3   anonymous   2017 Jun 6, 2:43pm  

https://en.wikipedia.org/wiki/There_Will_Come_Soft_Rains_(short_story)

The story begins by introducing the reader to a computer-controlled house that cooks, cleans, and takes care of virtually every need that a well-to-do United States family could be assumed to have. The reader enters the text on the morning of April 28, 1985 (changed to August 4, 2026 in later printings), and follows the house through some of the daily tasks that it performs as it prepares its inhabitants for a day of work. At first, it is not apparent that anything is out of the ordinary, but eventually it becomes clear that the residents of the house are not present, and that the house is empty. While no direct explanation of the nonexistence of the family is produced, the silhouettes of a man, a woman, two children, and their play ball are described as having been burnt into one side of the house, implying that they were all incinerated by the thermal flash of a nuclear weapon.

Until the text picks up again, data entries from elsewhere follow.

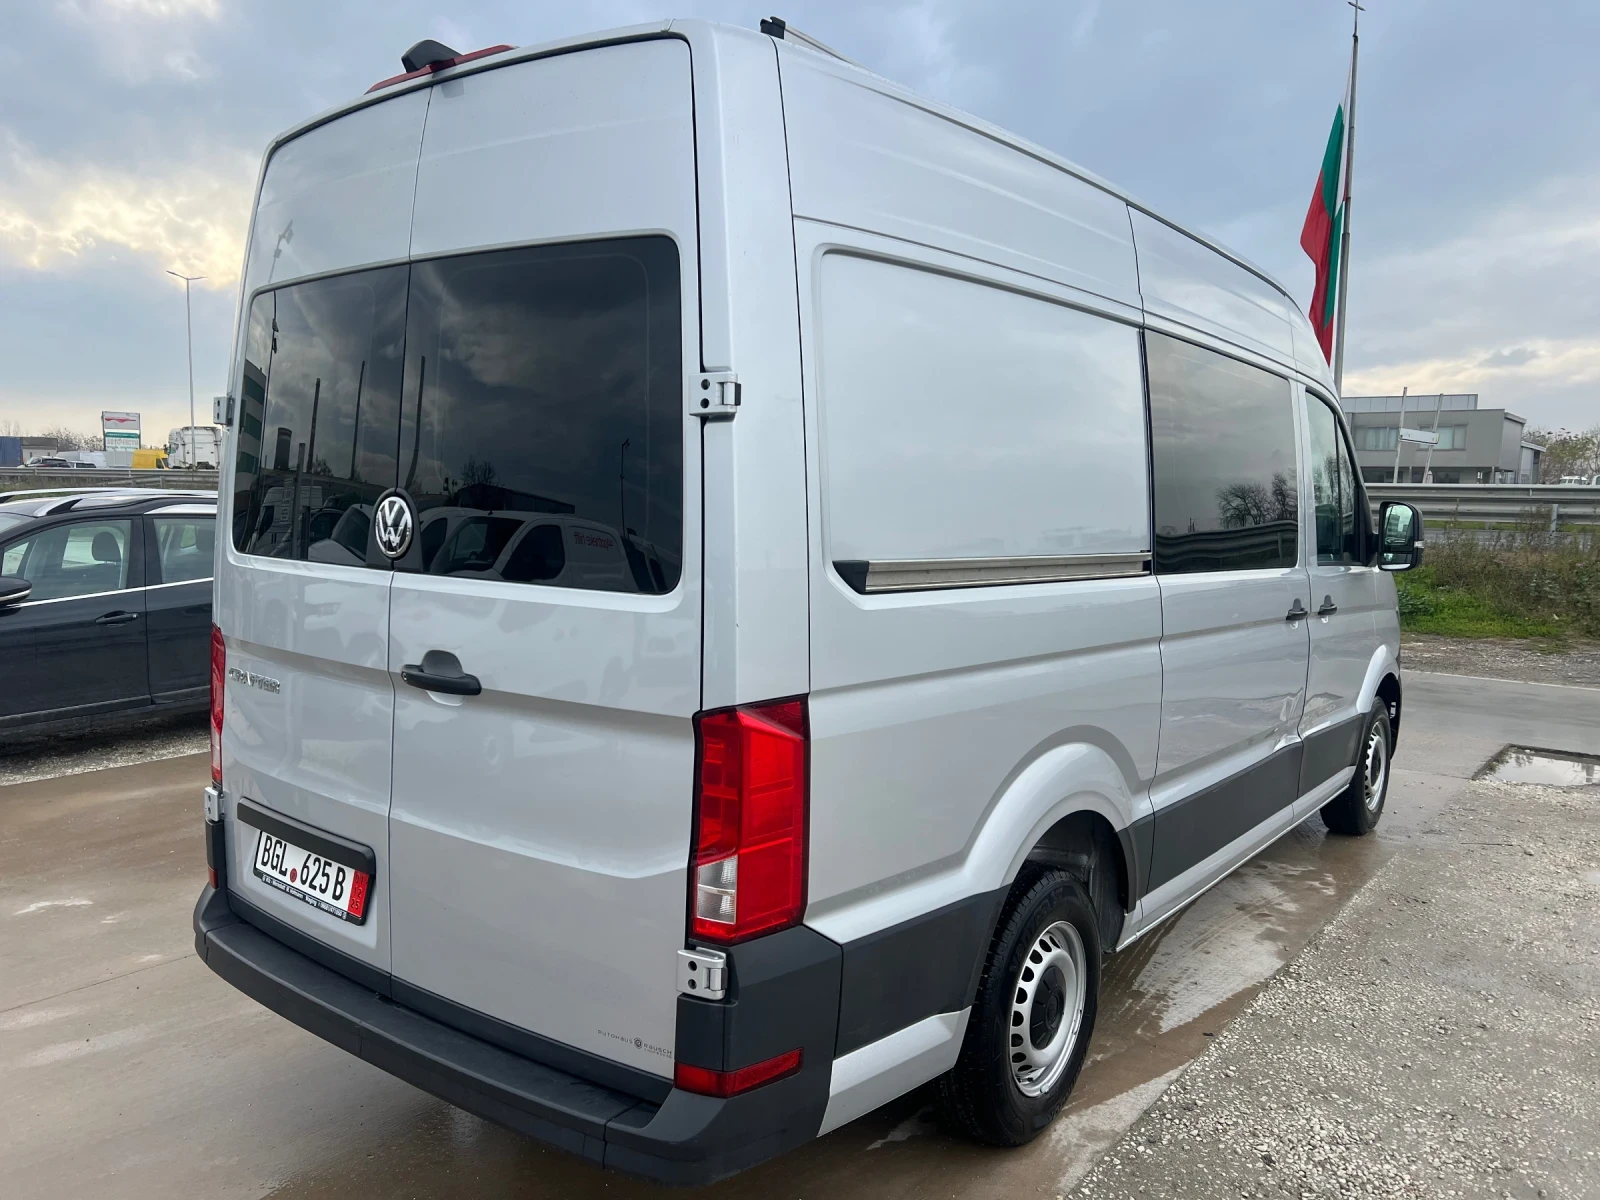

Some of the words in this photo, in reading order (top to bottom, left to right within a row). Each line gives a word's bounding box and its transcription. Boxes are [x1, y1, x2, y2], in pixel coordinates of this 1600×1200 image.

[261, 835, 288, 877] BGL
[300, 853, 332, 895] 625
[332, 866, 346, 901] B
[353, 885, 362, 897] 12
[350, 898, 359, 910] 25

The house is described as standing amidst the ruins of a city; the leveled urban area is described briefly as emitting a "radioactive glow". The house is the only thing left standing, and continues to perform its duties, unaware that the family is gone. At one point, further insight into the demise of the family is given when a tape recorder within the house recites a poem by Sara Teasdale called "There Will Come Soft Rains". The poem describes how the Earth's other living things, and implicitly nature as a whole, are unaffected by an event of human extinction that has occurred as the result of an unnamed disaster.

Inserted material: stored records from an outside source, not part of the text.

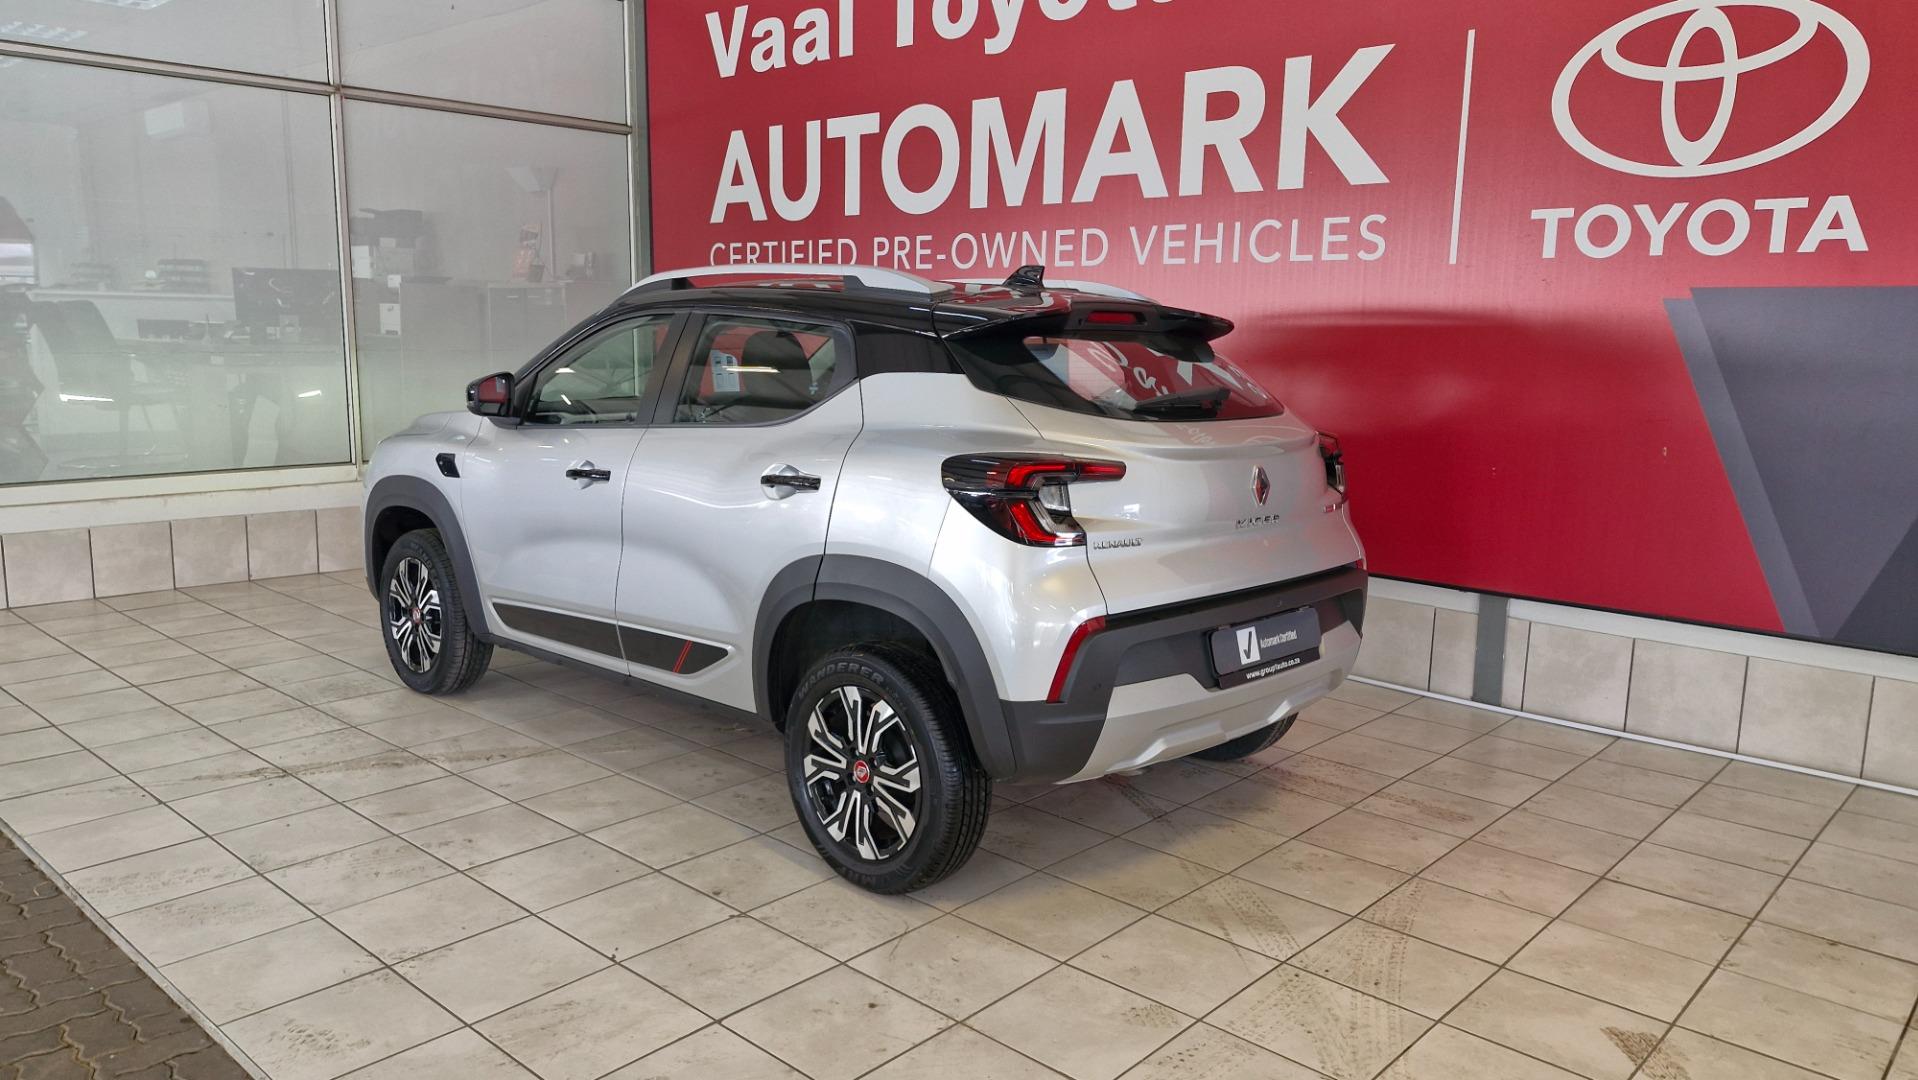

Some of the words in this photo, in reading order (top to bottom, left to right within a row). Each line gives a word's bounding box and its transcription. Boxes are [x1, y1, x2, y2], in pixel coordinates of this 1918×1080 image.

[705, 0, 853, 78] Vaal
[896, 0, 1173, 54] Toy
[710, 44, 1396, 224] AUTOMARK
[710, 238, 858, 267] CERTIFIED
[873, 228, 1109, 270] PRE-OWNED
[1129, 214, 1387, 265] VEHICLES
[1530, 195, 1869, 259] TOYOTA
[1093, 536, 1143, 550] RENAULT
[798, 661, 885, 700] WANDERER

At ten o'clock p.m., a gust of wind blows a tree branch through the kitchen window, spilling cleaning solvent on the stove and causing a fire to break out. The house warns the family to get out of the building and tries shutting doors to limit the spread. The house also attempts to fight the fire, but its water reservoirs have been depleted after numerous days of cooking and cleaning without replenishment. The building is ravaged by the blaze and is almost completely destroyed except for one surviving wall, the same wall with the shadows of the family burnt into it, which continues to give the time and date the following morning.

4   NDrLoR   2017 Jun 6, 3:47pm  

Herb says

The story begins by introducing the reader to a computer-controlled house that cooks, cleans, and takes care of virtually every need

www.youtube.com/embed/dH5ONdVf7aU

5   Booger   2017 Jun 6, 6:08pm  

No fucking way would I ever have an appliance, or HVAC equipment connected to the internet, ever.